First thing is that the slab overhead is not taken into account. For example ethernet frames are allocated from size-2048 mainly and occupy up to 30 percents more space than they really need. The second thing is that the incoming traffic is not accounted at all, and finally the existing accounting is not strict – the limits set can be easily overused (den, how?).
The network accounting basics are the follwing
We distinguigh the incoming and outgoing traffic, this is natural. But we also make difference between the TCP and all the other traffic. Thus we have four kinds of resources.
These four kinds have some fundamentials:
We account the actual memory usage with all the overheads for all the objects that have undefined or infinite lifetime. For example TCP clones that are sent to the card are not accounted as they live for a very limited time.
Then we have the select compatibility – if select says that the socket is writeable the write or send system call won't be rejected by the beancounter.

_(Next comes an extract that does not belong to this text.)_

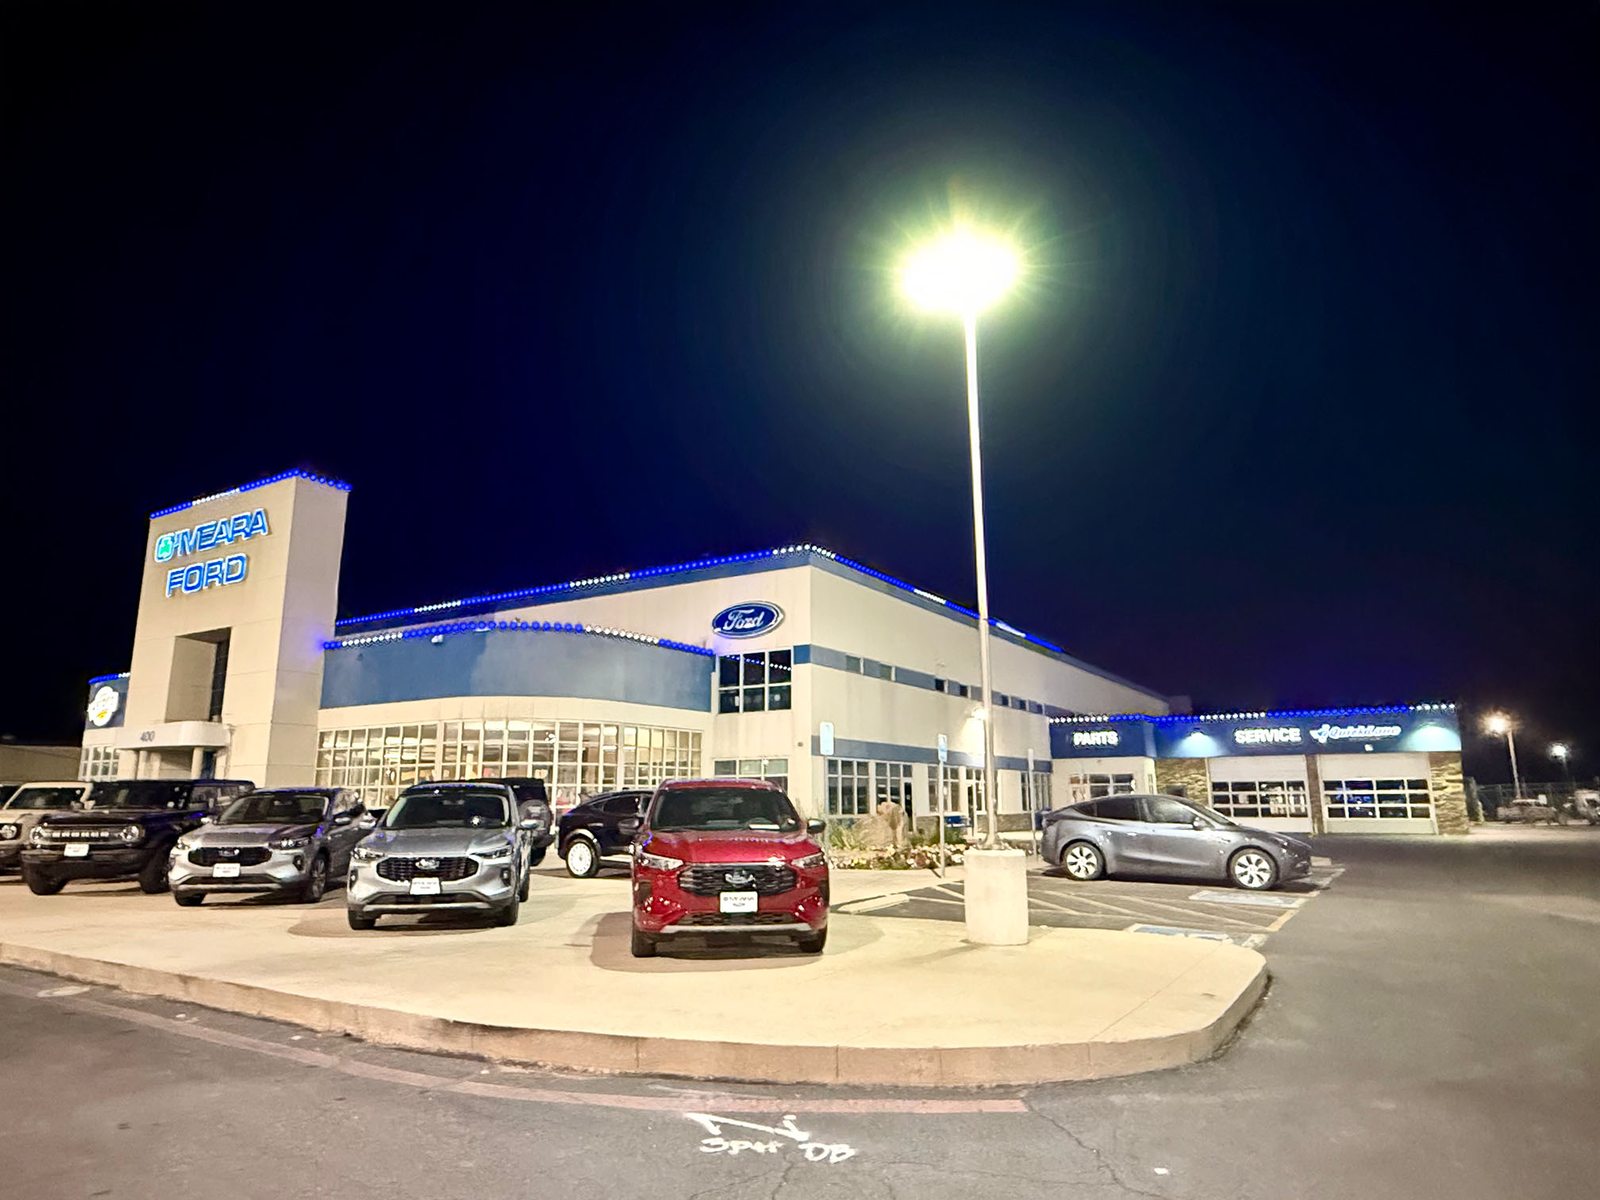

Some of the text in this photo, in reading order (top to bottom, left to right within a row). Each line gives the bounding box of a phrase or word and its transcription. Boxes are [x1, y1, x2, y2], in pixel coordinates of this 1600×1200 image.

[166, 553, 247, 597] FORD
[722, 608, 765, 630] Ford
[1073, 731, 1119, 746] PARTS
[1234, 727, 1302, 744] SERVICE

And one more thing is that we provide some minimal guaranteed space for each kind of resource to allow a slow progress for each socket
However there are some species for different resources.
For example TCP outgoing paths wait for the beancounter resource availability in case limit is hit.

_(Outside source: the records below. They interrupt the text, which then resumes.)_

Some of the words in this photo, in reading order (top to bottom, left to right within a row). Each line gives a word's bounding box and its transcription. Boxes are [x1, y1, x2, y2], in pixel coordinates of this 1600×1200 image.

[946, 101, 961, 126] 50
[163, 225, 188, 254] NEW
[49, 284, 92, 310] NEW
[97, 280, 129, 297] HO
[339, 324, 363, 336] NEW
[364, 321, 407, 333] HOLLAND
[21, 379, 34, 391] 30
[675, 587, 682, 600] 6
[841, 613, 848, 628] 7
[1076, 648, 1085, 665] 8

For simple protocols like UDP we drop the incoming packets when the limit is hit. This is OK as the protocol itself do not provide any packet delivery guarantees.
Netlink traffic is always accounted on the user-side socket despite traffic source. This is done so as kernel produces traffic mainly on response from user.
Now we're done with the accounting. Let's now talk about the performance.
The major bottleneck is the RSS accounting with its extra locking. As you can see from the table the beancounters withot this part produce very small overhead (if any) on many unixbench tests.
The RSS mainly hits the fork() and exec() (and thus – the shell test) operation speed. Howver we have some ideas of how to improve this.
The beancounters are continuously evolving and even now we have something to work on.
The major question is the performance issues. The main technics we're exploiting are pre-charging and on-demand accounting.
Pre charging means that each task reserves some amount of resource from the beancounter during its creation and exhaust it for object allocations in the future. We have this working for kernel memory, files and network buffers and plan to account the vma lenghts with it.
On-demand accounting is a bit more tricky. The main idea is that we need to account the precice values only when we're near the limit. When the beancounter comsumes little of resource we can have just estimations of the consumption level. We have this working for active dentry cache and are willing to implement this for RSS accounting.
Another importaint question is implementing hard RSS limits with pages reclamation. We have some proof-of-concept patches sent to lkml. Soon this will apear in oficial openvz kernels.
And the last interesting question is TCP window management based on beancounter resource availability. This will allow for better manegement of TCP traffic.
Well, that's all. Thank you for your attention. Now I'm ready to answer your questions.